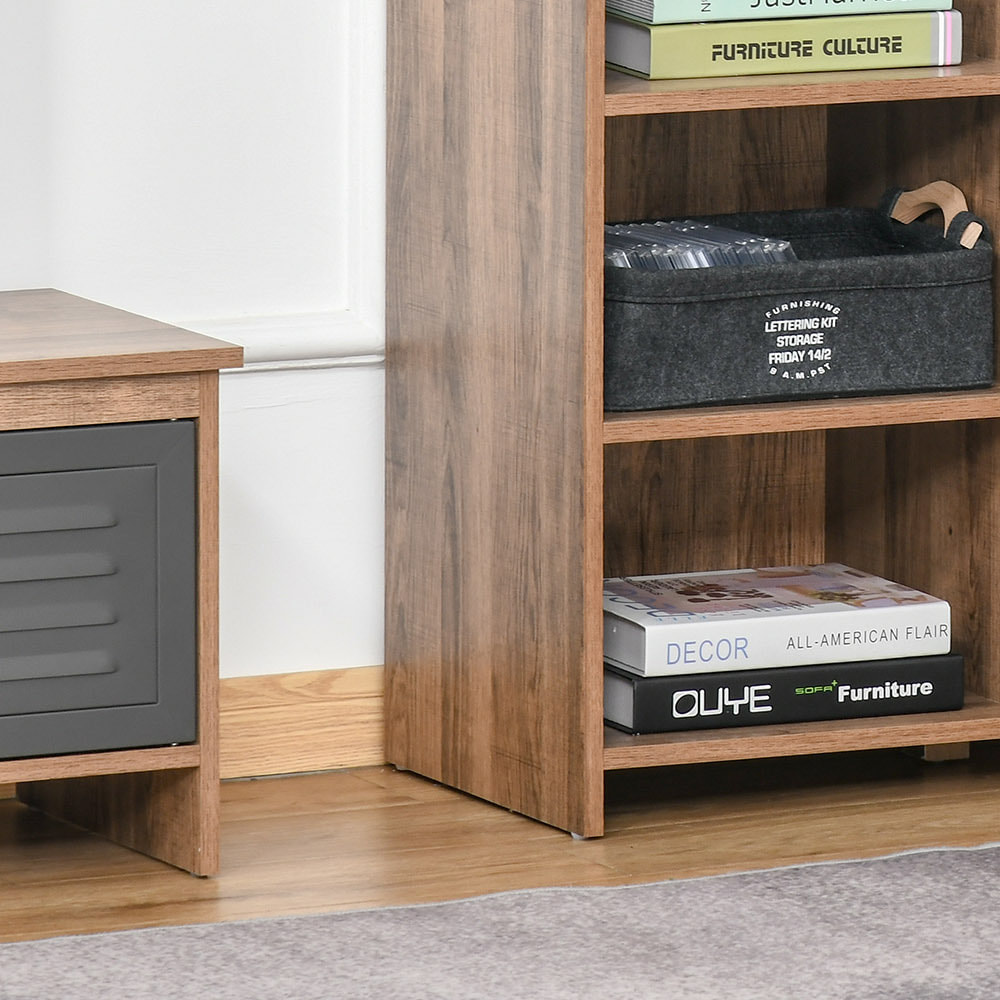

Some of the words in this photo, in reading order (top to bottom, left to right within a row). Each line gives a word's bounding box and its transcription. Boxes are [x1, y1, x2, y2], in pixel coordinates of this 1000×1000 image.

[822, 35, 903, 56] CULTURE
[765, 300, 841, 319] FURNISHING
[764, 317, 820, 333] LETTERING
[820, 316, 839, 329] KIT
[776, 332, 825, 348] STORAGE
[768, 350, 806, 365] FRIDAY
[807, 348, 832, 362] 14/2
[666, 636, 750, 666] DECOR
[786, 627, 900, 651] ALL-AMERICAN
[905, 623, 949, 640] FLAIR
[837, 681, 934, 703] Furniture
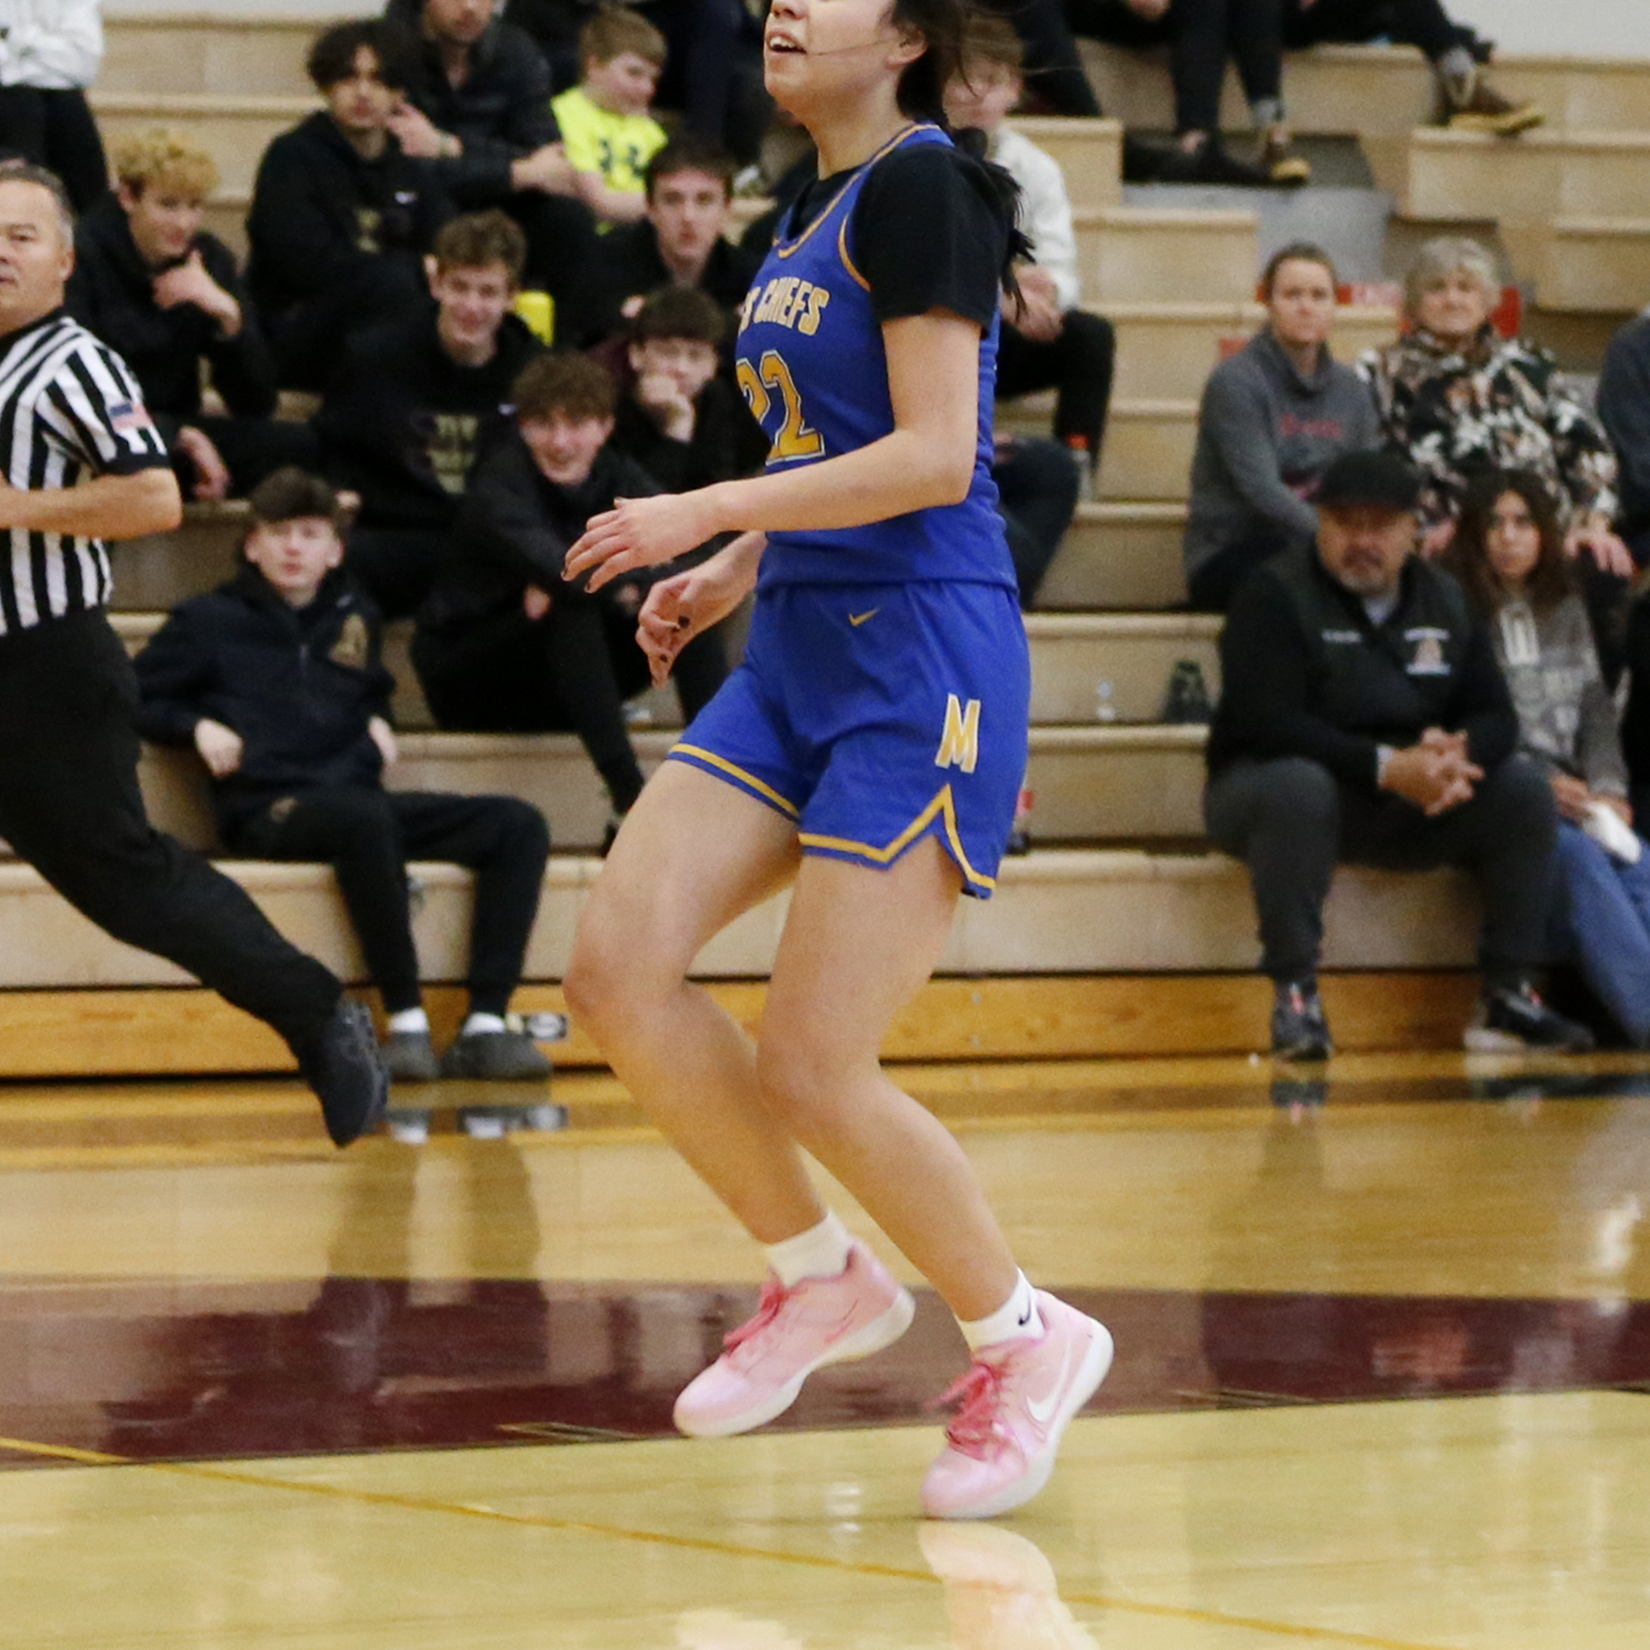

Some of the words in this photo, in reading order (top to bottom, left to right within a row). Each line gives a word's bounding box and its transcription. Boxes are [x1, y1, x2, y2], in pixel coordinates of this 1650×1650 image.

★ ★ ★ ★ ★ ★ ★

> [Task item]:
Write out the material above exactly. Skip the pictures.

> [Task answer]:
Some of the words in this photo, in reading order (top to bottom, left to right within a row). Each line gives a word's bounding box and its transcription. Boxes are [x1, y1, x2, y2], in pixel coordinates of this 1000×1000 image.

[822, 35, 903, 56] CULTURE
[765, 300, 841, 319] FURNISHING
[764, 317, 820, 333] LETTERING
[820, 316, 839, 329] KIT
[776, 332, 825, 348] STORAGE
[768, 350, 806, 365] FRIDAY
[807, 348, 832, 362] 14/2
[666, 636, 750, 666] DECOR
[786, 627, 900, 651] ALL-AMERICAN
[905, 623, 949, 640] FLAIR
[837, 681, 934, 703] Furniture

Some of the words in this photo, in reading order (top to bottom, left to right within a row). Each line gives a word's bounding box and its transcription. Boxes are [x1, y1, x2, y2], in pixel coordinates of this 1650×1650 image.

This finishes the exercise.